Task description
Reply with each record repeated exactly.

Records shown
************
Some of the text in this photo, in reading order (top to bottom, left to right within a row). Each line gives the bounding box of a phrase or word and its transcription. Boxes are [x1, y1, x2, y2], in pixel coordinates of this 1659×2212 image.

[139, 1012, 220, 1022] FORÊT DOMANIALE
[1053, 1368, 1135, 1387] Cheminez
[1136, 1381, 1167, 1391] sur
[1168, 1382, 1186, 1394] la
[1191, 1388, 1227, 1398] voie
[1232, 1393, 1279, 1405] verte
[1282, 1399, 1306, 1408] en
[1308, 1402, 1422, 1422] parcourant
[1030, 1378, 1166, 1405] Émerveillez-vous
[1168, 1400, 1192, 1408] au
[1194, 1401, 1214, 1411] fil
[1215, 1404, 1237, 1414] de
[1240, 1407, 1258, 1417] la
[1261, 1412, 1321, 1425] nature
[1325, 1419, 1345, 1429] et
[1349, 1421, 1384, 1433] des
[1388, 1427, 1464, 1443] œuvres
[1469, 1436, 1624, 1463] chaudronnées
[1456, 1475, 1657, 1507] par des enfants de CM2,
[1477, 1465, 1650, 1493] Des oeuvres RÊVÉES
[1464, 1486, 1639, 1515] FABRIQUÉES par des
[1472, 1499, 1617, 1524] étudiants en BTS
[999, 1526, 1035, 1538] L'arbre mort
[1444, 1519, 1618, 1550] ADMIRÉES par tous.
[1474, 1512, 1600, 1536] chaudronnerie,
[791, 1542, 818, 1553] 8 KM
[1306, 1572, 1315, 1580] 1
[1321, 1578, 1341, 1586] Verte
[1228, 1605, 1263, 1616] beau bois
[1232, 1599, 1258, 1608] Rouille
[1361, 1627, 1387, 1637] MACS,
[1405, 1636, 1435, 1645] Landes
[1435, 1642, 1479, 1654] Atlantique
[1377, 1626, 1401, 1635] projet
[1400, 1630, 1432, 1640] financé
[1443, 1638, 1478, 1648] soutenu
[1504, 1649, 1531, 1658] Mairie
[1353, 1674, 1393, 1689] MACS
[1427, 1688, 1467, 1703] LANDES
************
Reply
Some of the text in this photo, in reading order (top to bottom, left to right within a row). Each line gives the bounding box of a phrase or word and its transcription. Boxes are [x1, y1, x2, y2], in pixel coordinates of this 1659×2212 image.

[139, 1012, 220, 1022] FORÊT DOMANIALE
[1053, 1368, 1135, 1387] Cheminez
[1136, 1381, 1167, 1391] sur
[1168, 1382, 1186, 1394] la
[1191, 1388, 1227, 1398] voie
[1232, 1393, 1279, 1405] verte
[1282, 1399, 1306, 1408] en
[1308, 1402, 1422, 1422] parcourant
[1030, 1378, 1166, 1405] Émerveillez-vous
[1168, 1400, 1192, 1408] au
[1194, 1401, 1214, 1411] fil
[1215, 1404, 1237, 1414] de
[1240, 1407, 1258, 1417] la
[1261, 1412, 1321, 1425] nature
[1325, 1419, 1345, 1429] et
[1349, 1421, 1384, 1433] des
[1388, 1427, 1464, 1443] œuvres
[1469, 1436, 1624, 1463] chaudronnées
[1456, 1475, 1657, 1507] par des enfants de CM2,
[1477, 1465, 1650, 1493] Des oeuvres RÊVÉES
[1464, 1486, 1639, 1515] FABRIQUÉES par des
[1472, 1499, 1617, 1524] étudiants en BTS
[999, 1526, 1035, 1538] L'arbre mort
[1444, 1519, 1618, 1550] ADMIRÉES par tous.
[1474, 1512, 1600, 1536] chaudronnerie,
[791, 1542, 818, 1553] 8 KM
[1306, 1572, 1315, 1580] 1
[1321, 1578, 1341, 1586] Verte
[1228, 1605, 1263, 1616] beau bois
[1232, 1599, 1258, 1608] Rouille
[1361, 1627, 1387, 1637] MACS,
[1405, 1636, 1435, 1645] Landes
[1435, 1642, 1479, 1654] Atlantique
[1377, 1626, 1401, 1635] projet
[1400, 1630, 1432, 1640] financé
[1443, 1638, 1478, 1648] soutenu
[1504, 1649, 1531, 1658] Mairie
[1353, 1674, 1393, 1689] MACS
[1427, 1688, 1467, 1703] LANDES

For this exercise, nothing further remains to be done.